Ao longo da narrativa paira um mistério materializado numa data, 31 de Julho de 1956, e num local, a casa dos encontros no Norlag.
Após 9 anos de reclusão do marido, Zoya desloca-se ao campo de trabalhos para se encontrar com este, mediante uma política de abertura do regime que concedia o privilégio aos condenados casados de, numa noite, desfrutarem da companhia dos cônjuges. O narrador assiste aos preparativos do irmão e à chegada da sua cunhada, objecto da sua obsessão. A partir dessa data, aquela noite que reuniu Lev e Zoya na casa dos encontros, algo muda… Seguem-se os anos de liberdade, metaforizada na inevitável cruz russa, condicionada a uma pátria sufocante e omnipresente, que superintende cada gesto, atitude ou acção de cada cidadão.
Inspiriado no soberbo tratado de Anne Applebaum (n. 1964), Gulag: Uma História (vencedor do Pulitzer em 2004 na categoria de Não-Ficção) e na obra-prima Arquipélago de Gulag do Prémio Nobel da Literatura em 1970 Aleksandr Solzhenitsyn (n. 1918), A Casa dos Encontros é um romance sobre a turbulenta forma de amar (n)a Rússia, sobre a brutalidade quotidiana que se manteve ao longo dos tempos, apenas entendida aos olhos dos que lá vivem, formando a sua cruz, a constante subida da curva da morte acompanhada pela descida da curva que representa o número de nascimentos, que se intersectaram algures, por volta de 1992, a cruz russa: parece surgir da «tentativa de uma criança de três anos de desenhar a metade inferior de uma baleia ou tubarão: o torso largo estreita-se até desaparecer e depois tende para a barbatana caudal.» (pág. 194).
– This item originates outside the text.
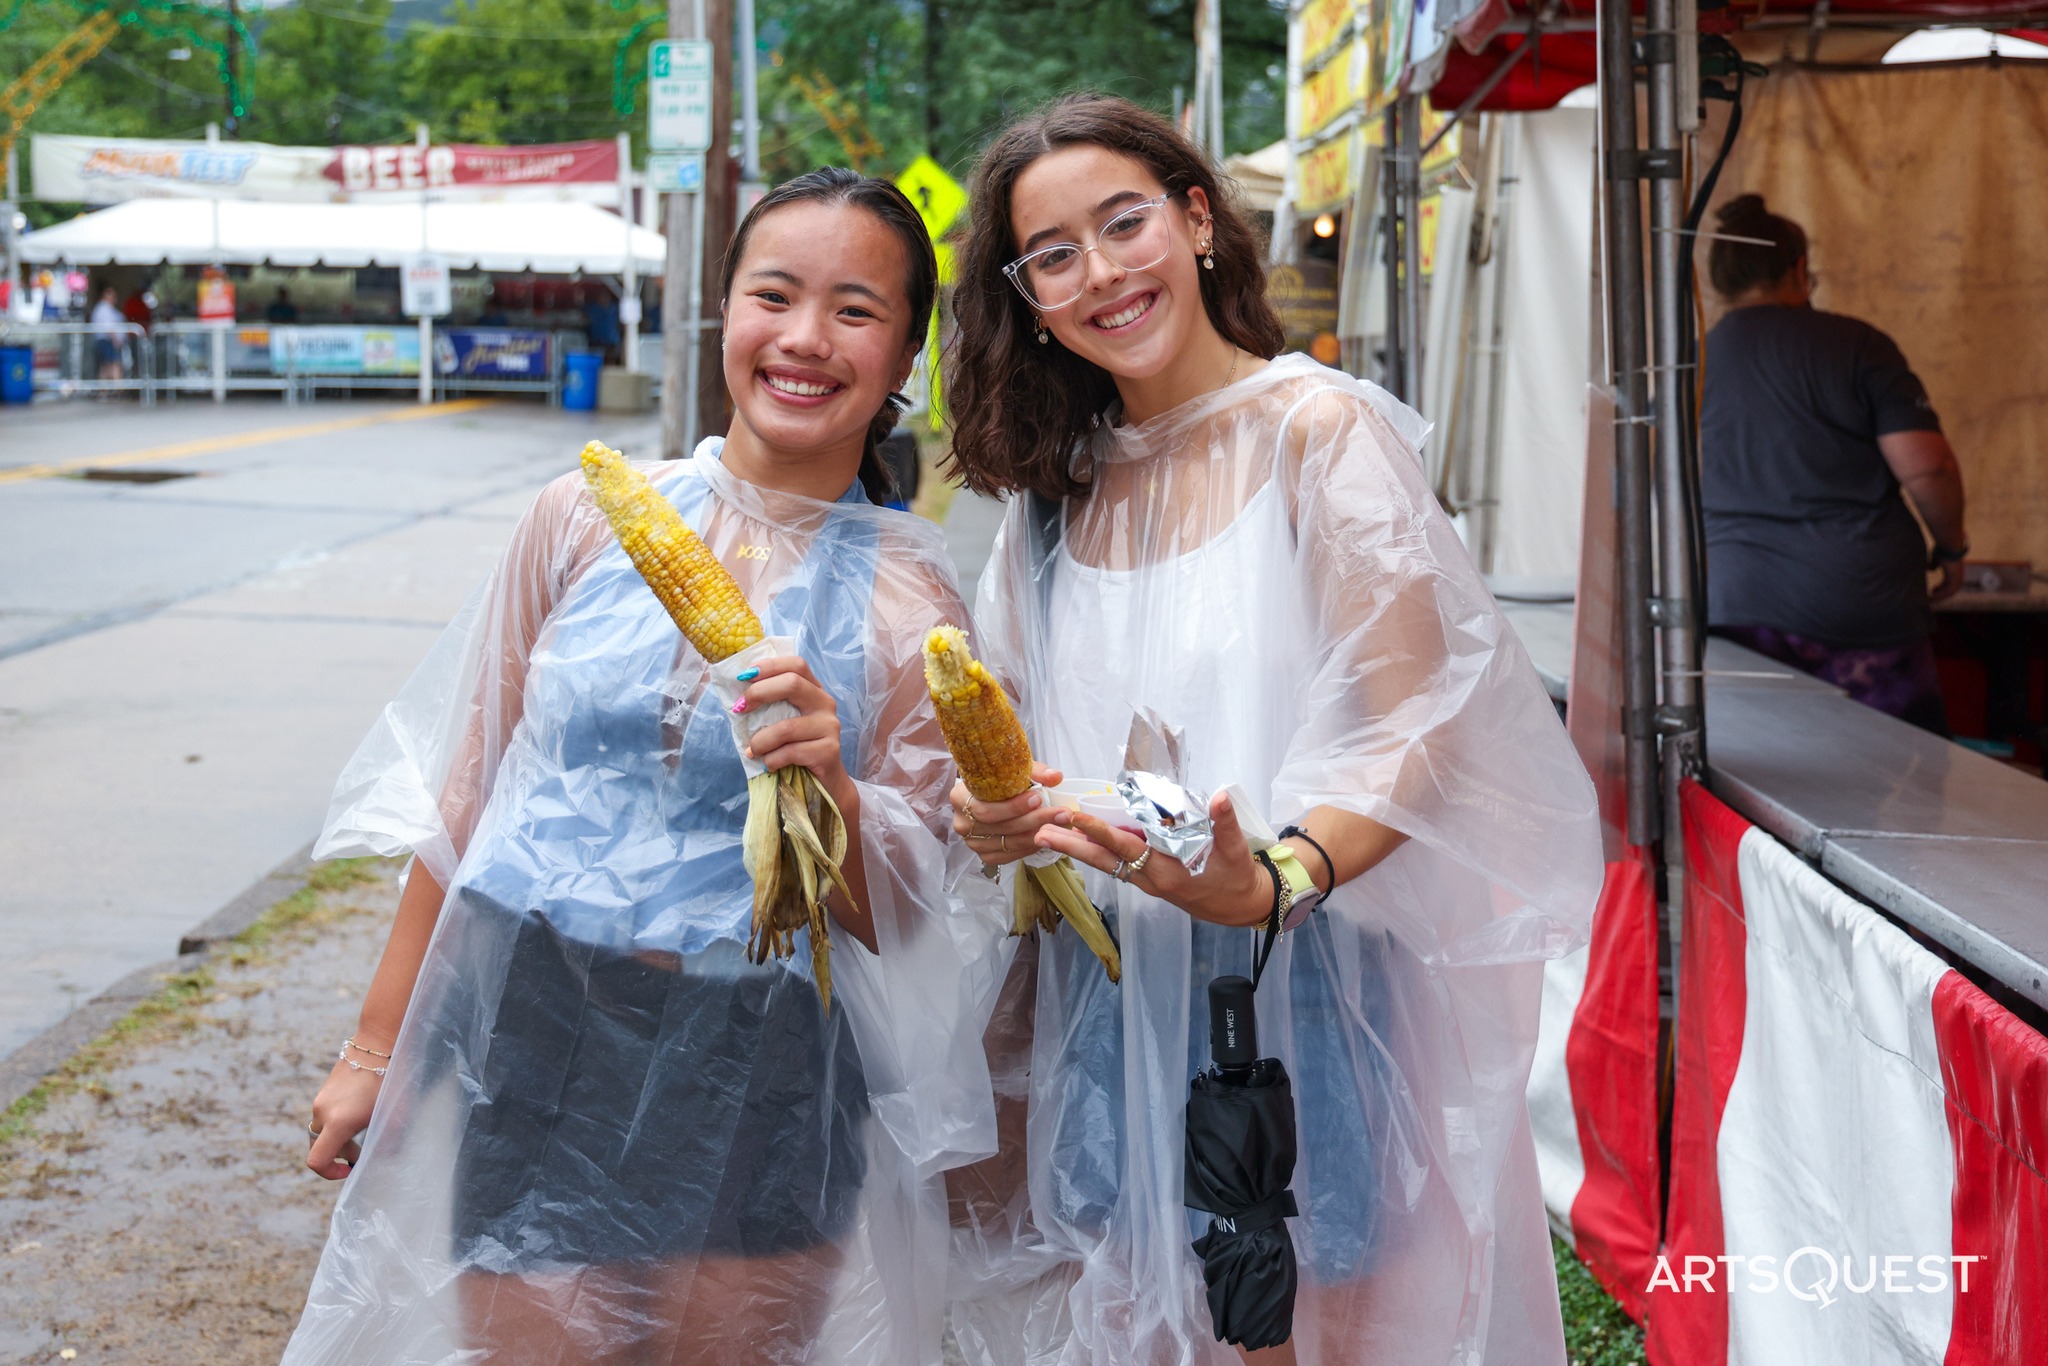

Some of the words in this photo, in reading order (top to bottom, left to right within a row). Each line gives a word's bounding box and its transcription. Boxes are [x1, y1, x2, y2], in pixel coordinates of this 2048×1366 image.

[342, 147, 456, 190] BEER
[1226, 1008, 1235, 1029] WEST
[1227, 1029, 1236, 1048] NINE
A Rússia «não é como Zoya. A Rússia aprendeu a gatinhar, e ela aprendeu a correr. O que não aprendeu foi a caminhar.» (pág. 204).
Classificação: **** (Bom)
Referência bibliográfica:
Martin Amis, A Casa dos Encontros. Lisboa: Teorema, 1.ª edição, Abril de 2007, 229 pp. (tradução de Telma Costa; obra original: The House of Meetings, 2006).
Inspiriado no soberbo tratado de Anne Applebaum (n. 1964), Gulag: Uma História (vencedor do Pulitzer em 2004 na categoria de Não-Ficção) e na obra-prima Arquipélago de Gulag do Prémio Nobel da Literatura em 1970 Aleksandr Solzhenitsyn (n. 1918), A Casa dos Encontros é um romance sobre a turbulenta forma de amar (n)a Rússia, sobre a brutalidade quotidiana que se manteve ao longo dos tempos, apenas entendida aos olhos dos que lá vivem, formando a sua cruz, a constante subida da curva da morte acompanhada pela descida da curva que representa o número de nascimentos, que se intersectaram algures, por volta de 1992, a cruz russa: parece surgir da «tentativa de uma criança de três anos de desenhar a metade inferior de uma baleia ou tubarão: o torso largo estreita-se até desaparecer e depois tende para a barbatana caudal.» (pág. 194).
A Rússia «não é como Zoya. A Rússia aprendeu a gatinhar, e ela aprendeu a correr. O que não aprendeu foi a caminhar.» (pág. 204).
Classificação: **** (Bom)
Referência bibliográfica:
Martin Amis, A Casa dos Encontros. Lisboa: Teorema, 1.ª edição, Abril de 2007, 229 pp. (tradução de Telma Costa; obra original: The House of Meetings, 2006).
6 comentários:
Excelente
Desculpe - não costumo dizer mal da decoração da casa de quem me convida para jantar -, o senhor não faz crítica (na verdade, nem sei se prentende fazer), faz resumos.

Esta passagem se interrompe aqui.